==== RECORDS TO USE

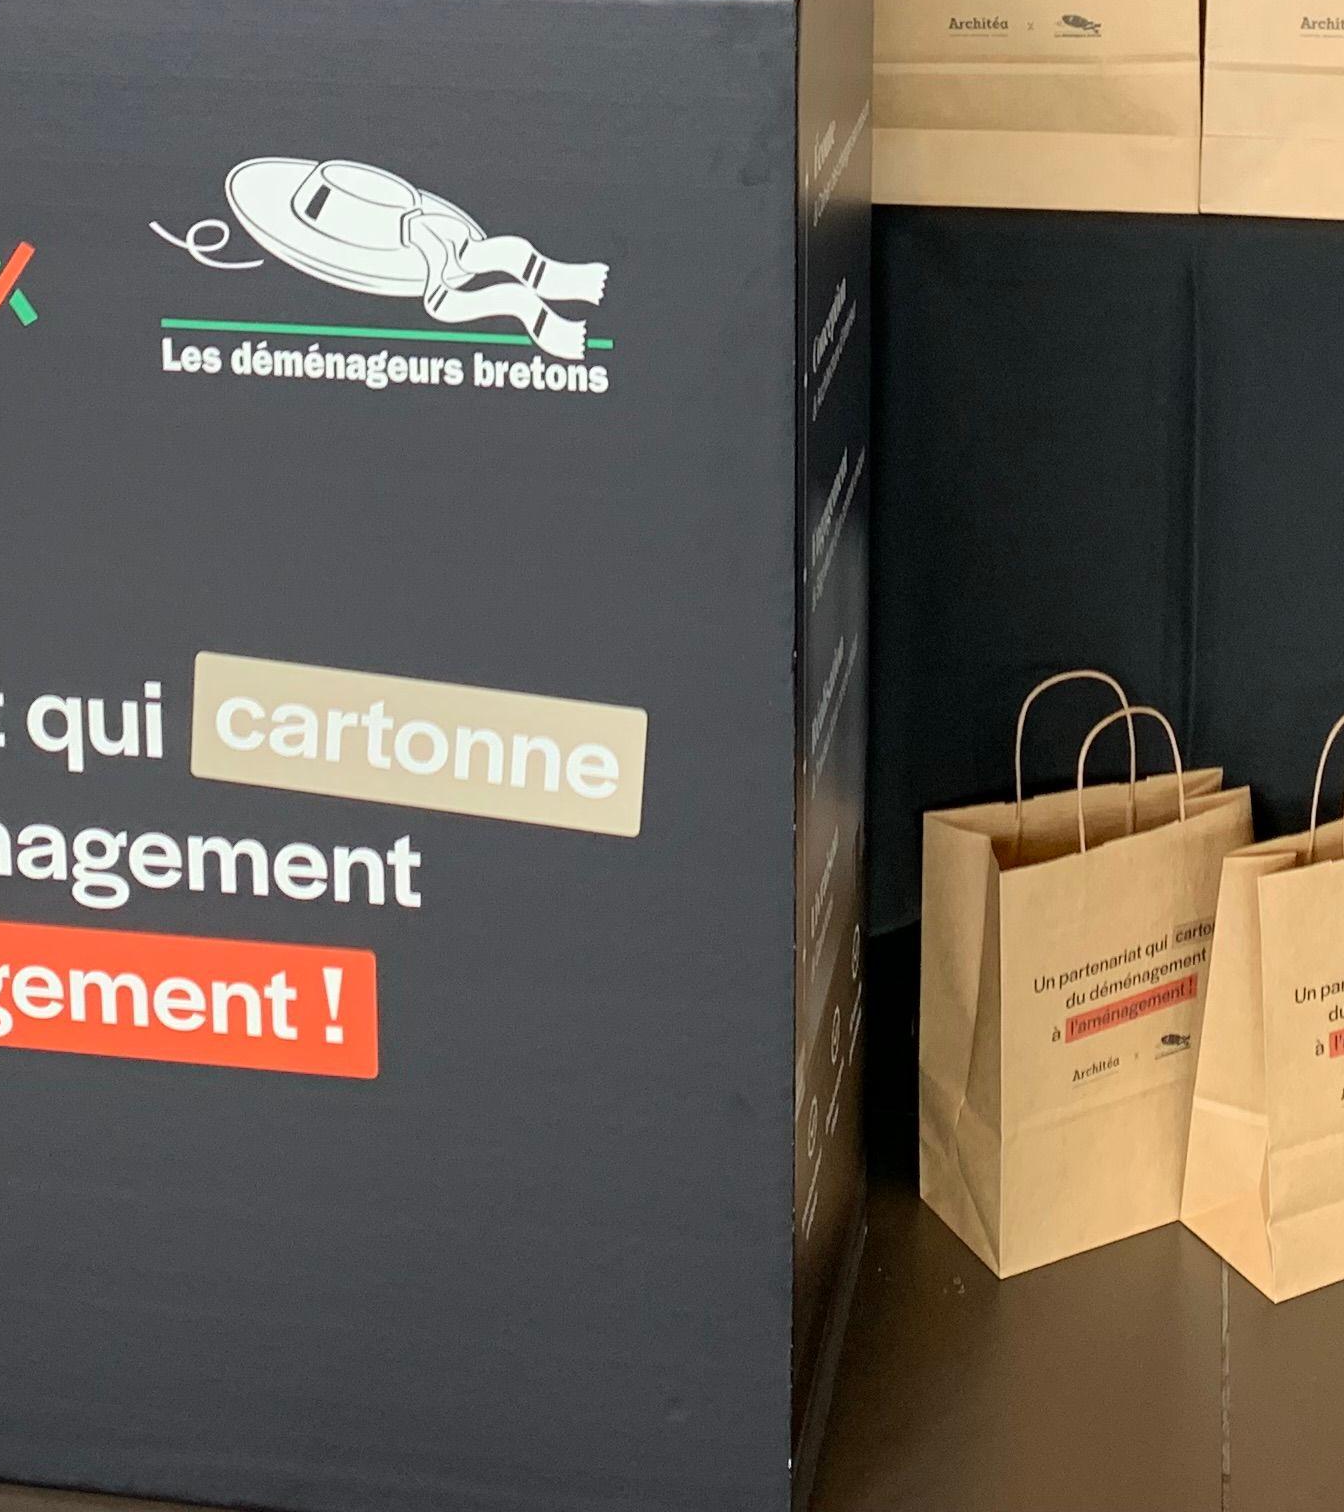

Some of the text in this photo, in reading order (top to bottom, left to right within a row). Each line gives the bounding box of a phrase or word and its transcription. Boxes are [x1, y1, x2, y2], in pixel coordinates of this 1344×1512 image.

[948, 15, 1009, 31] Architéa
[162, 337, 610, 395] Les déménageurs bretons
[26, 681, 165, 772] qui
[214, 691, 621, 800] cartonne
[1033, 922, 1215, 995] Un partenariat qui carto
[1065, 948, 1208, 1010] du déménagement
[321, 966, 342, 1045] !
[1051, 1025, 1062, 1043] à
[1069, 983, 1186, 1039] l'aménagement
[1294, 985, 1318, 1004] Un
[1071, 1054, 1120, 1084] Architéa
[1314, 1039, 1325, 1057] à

========

ABOUT THIS TASK -
Only the pictures are to be omitted; restate everything else above exactly.

SOLUTION TO THE EXERCISE -
Some of the text in this photo, in reading order (top to bottom, left to right within a row). Each line gives the bounding box of a phrase or word and its transcription. Boxes are [x1, y1, x2, y2], in pixel coordinates of this 1344×1512 image.

[948, 15, 1009, 31] Architéa
[162, 337, 610, 395] Les déménageurs bretons
[26, 681, 165, 772] qui
[214, 691, 621, 800] cartonne
[1033, 922, 1215, 995] Un partenariat qui carto
[1065, 948, 1208, 1010] du déménagement
[321, 966, 342, 1045] !
[1051, 1025, 1062, 1043] à
[1069, 983, 1186, 1039] l'aménagement
[1294, 985, 1318, 1004] Un
[1071, 1054, 1120, 1084] Architéa
[1314, 1039, 1325, 1057] à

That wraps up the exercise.